# Data shown
********************

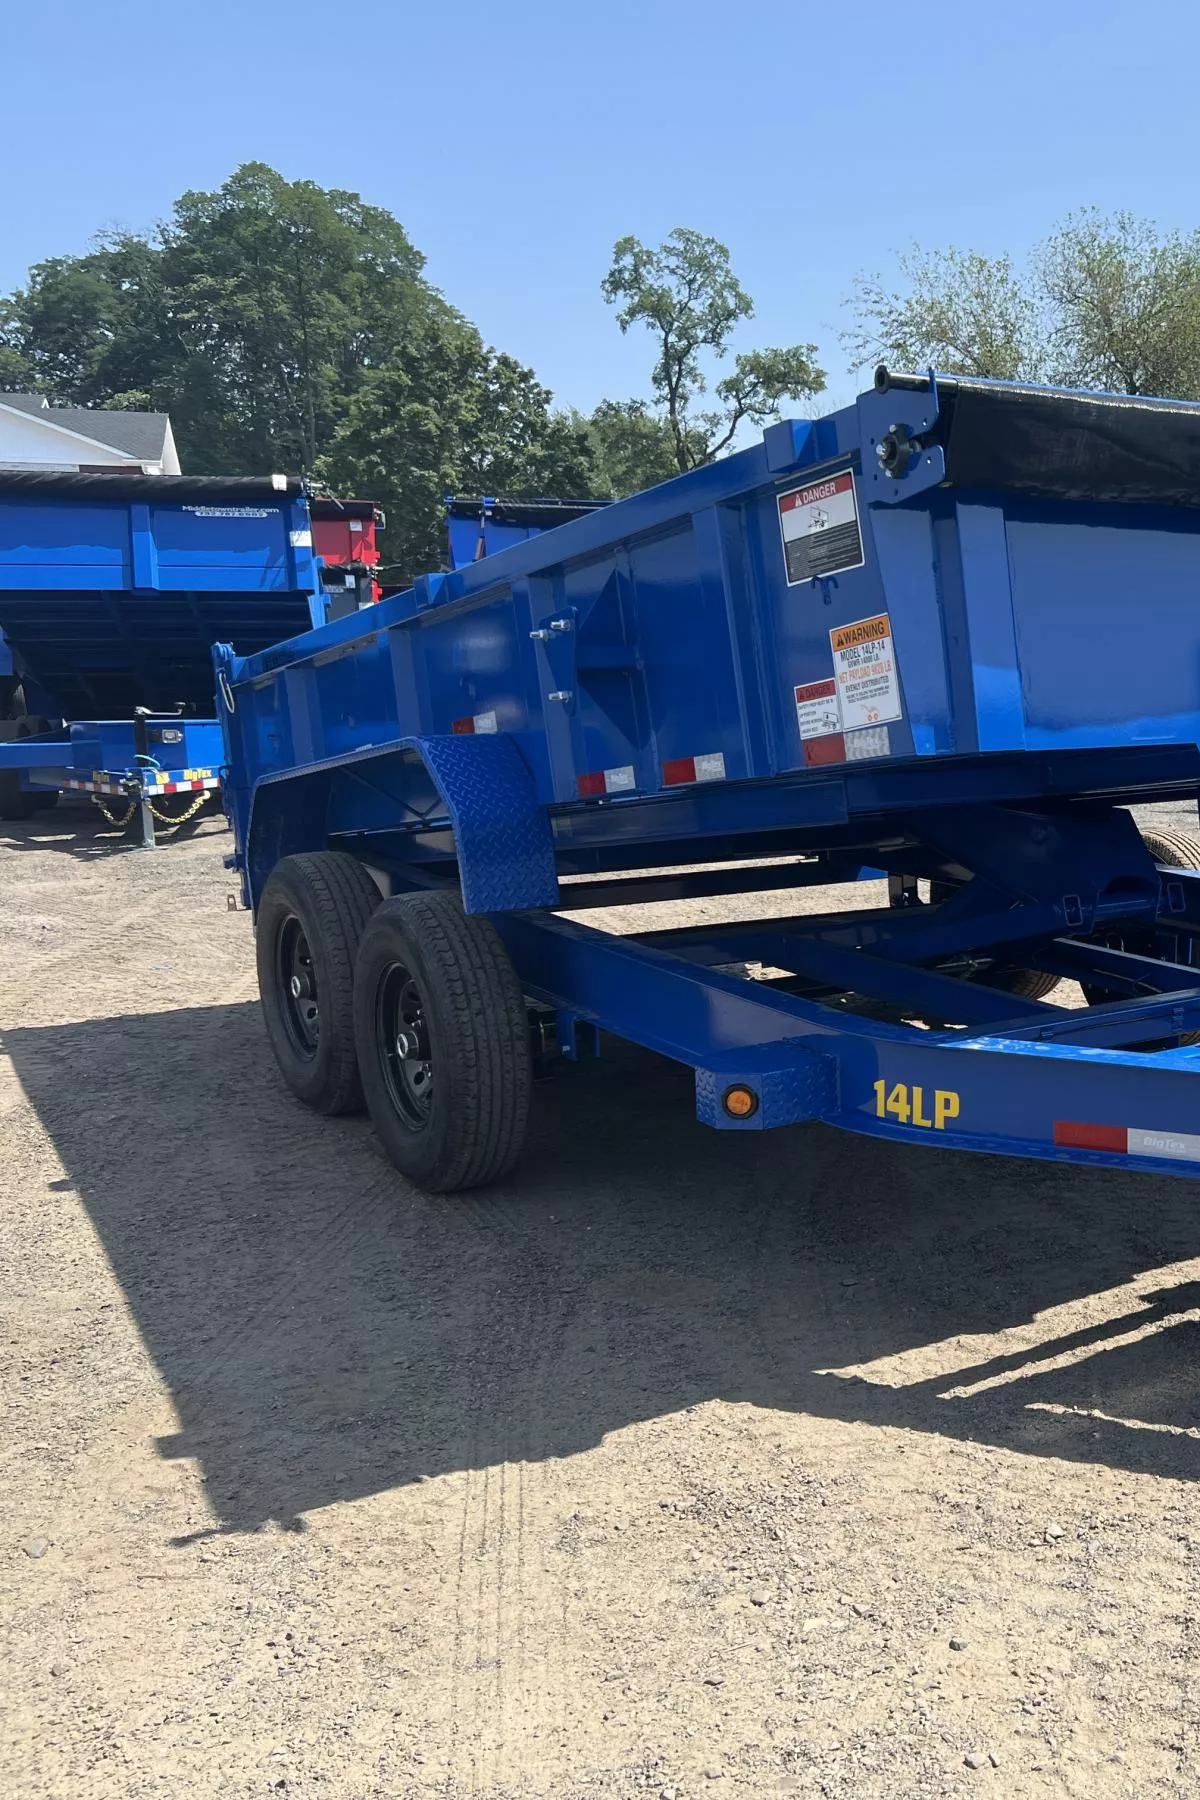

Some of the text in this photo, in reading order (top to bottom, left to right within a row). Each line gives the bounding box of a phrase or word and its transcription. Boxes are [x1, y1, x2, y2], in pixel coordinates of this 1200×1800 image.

[803, 482, 837, 504] DANGER
[843, 622, 885, 645] WARNING
[840, 647, 861, 662] MODEL
[873, 1079, 960, 1129] 14LP
[1143, 1136, 1186, 1150] BigTex

********************

Type out each line of the records above exactly, skipping any pictures.

# Task result
Some of the text in this photo, in reading order (top to bottom, left to right within a row). Each line gives the bounding box of a phrase or word and its transcription. Boxes are [x1, y1, x2, y2], in pixel coordinates of this 1200×1800 image.

[803, 482, 837, 504] DANGER
[843, 622, 885, 645] WARNING
[840, 647, 861, 662] MODEL
[873, 1079, 960, 1129] 14LP
[1143, 1136, 1186, 1150] BigTex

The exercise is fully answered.